Dieu merci, plus récemment, l’attention du ministère de Heretica axée sur les hérésies potentiels du Moyen-Orient dans le premier millénaire de notre ère. Le plus familier la question, avec une méthode rigoureuse, ont produit une vaste fresque précise et cohérente, dont nous extrayons comme exemple les deux articles qui suivent, consacrées à Catabaptistes et Les Leucolâtres (avec une petite annexe de conspiration).

 

Note

[1] Le point est que, après avoir imaginé  l’OuThéoPo, Spallanzani rapidement réalisé sa futilité , comme la théologie réel pour lui était déjà une forme de littérature potentielle.

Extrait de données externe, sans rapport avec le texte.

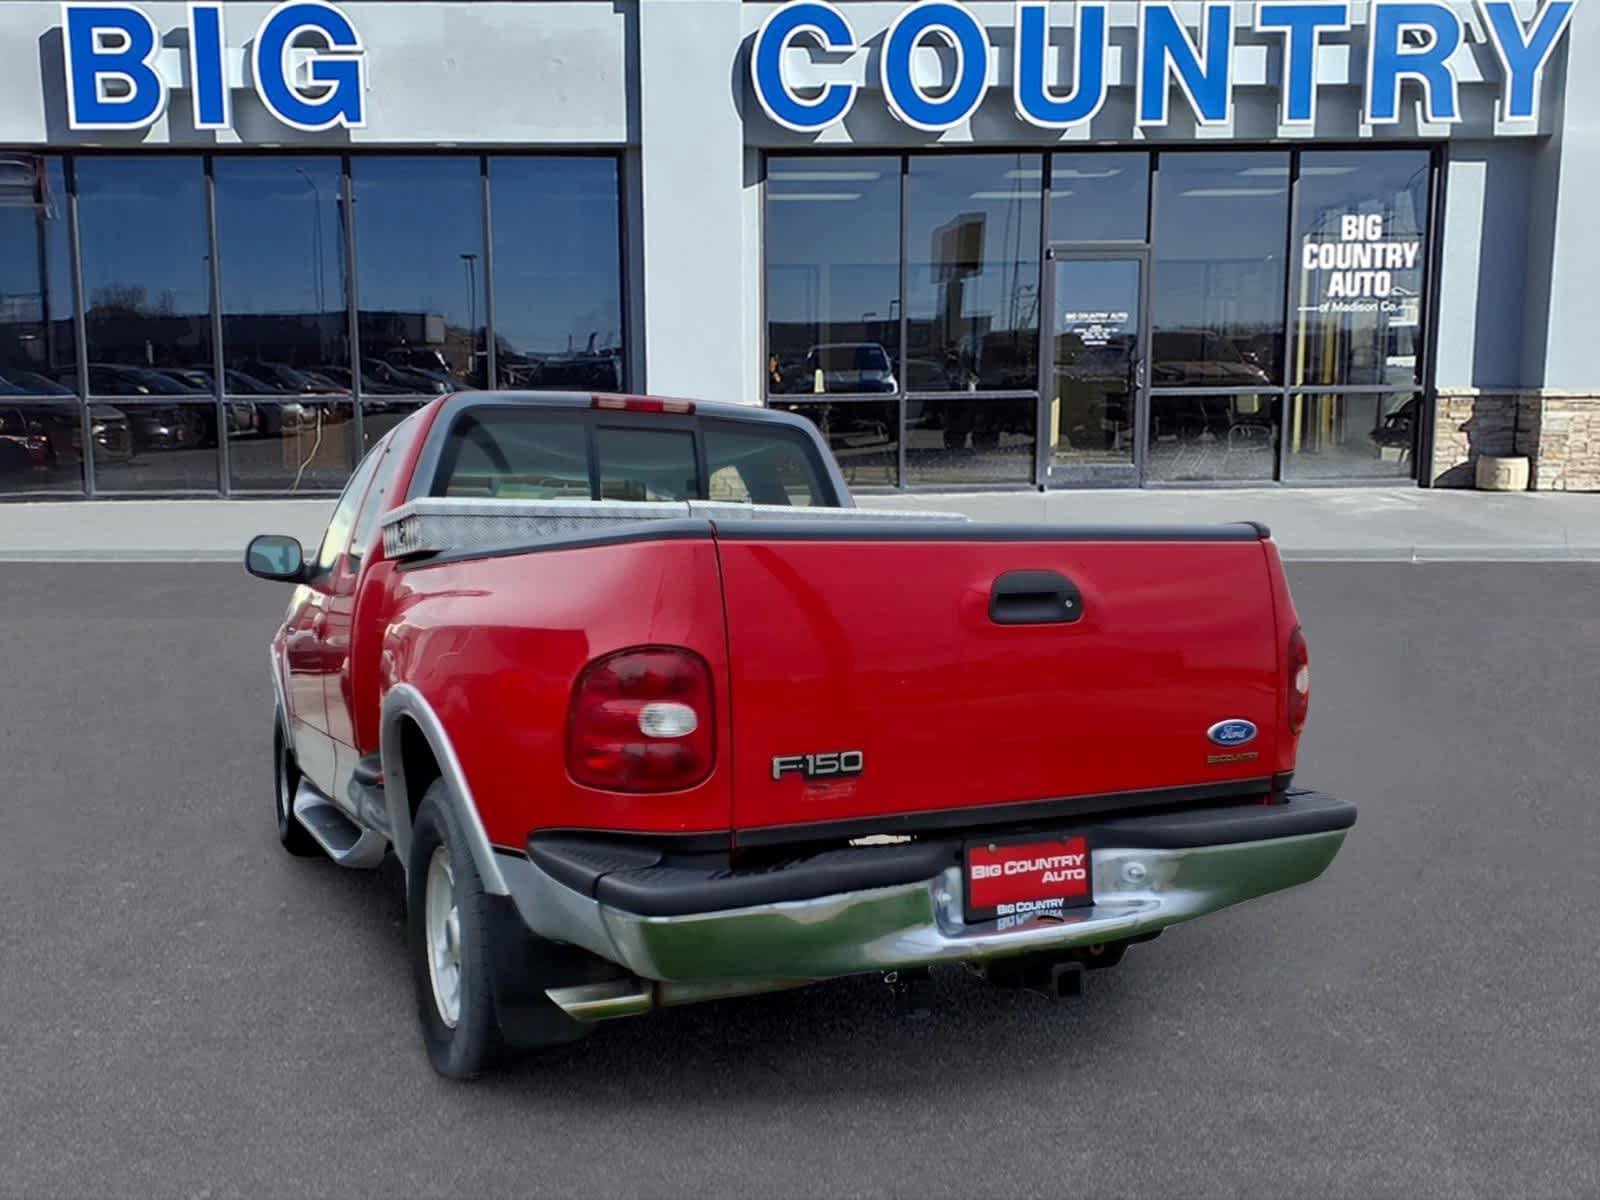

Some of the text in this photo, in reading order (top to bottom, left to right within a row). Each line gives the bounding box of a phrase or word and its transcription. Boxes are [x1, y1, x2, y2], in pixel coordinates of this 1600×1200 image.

[63, 0, 1574, 133] BIG COUNTRY
[1342, 214, 1382, 240] BIG
[1303, 242, 1419, 269] COUNTRY
[1328, 271, 1391, 297] AUTO
[1332, 302, 1378, 312] Madison
[971, 854, 1085, 879] BIG COUNTRY
[1042, 868, 1086, 883] AUTO
[997, 898, 1064, 915] BIG COUNTRY

Mais il aimait le nom et désormais avait déjà ordonné la plaque de laiton.

[2] Le réfrigérateur qui gardé les dieux à -459,67 degrés Fahrenheit.

[3] Par exemple , le générateur de «Symbole de Nicée-Constantinople» , basé sur le jeu de cartes “Credo, le jeu des Dogmes en conflit” , publié en 1993 par Chaosium .

[4] Parmi les nombreux, Santa Marina Bithynie, qui serait moine.

[5] Impossible de ne pas mentionner Le Concile de Nietzschea, qui en 1885 a sanctionné come article de foi la mort de Dieu.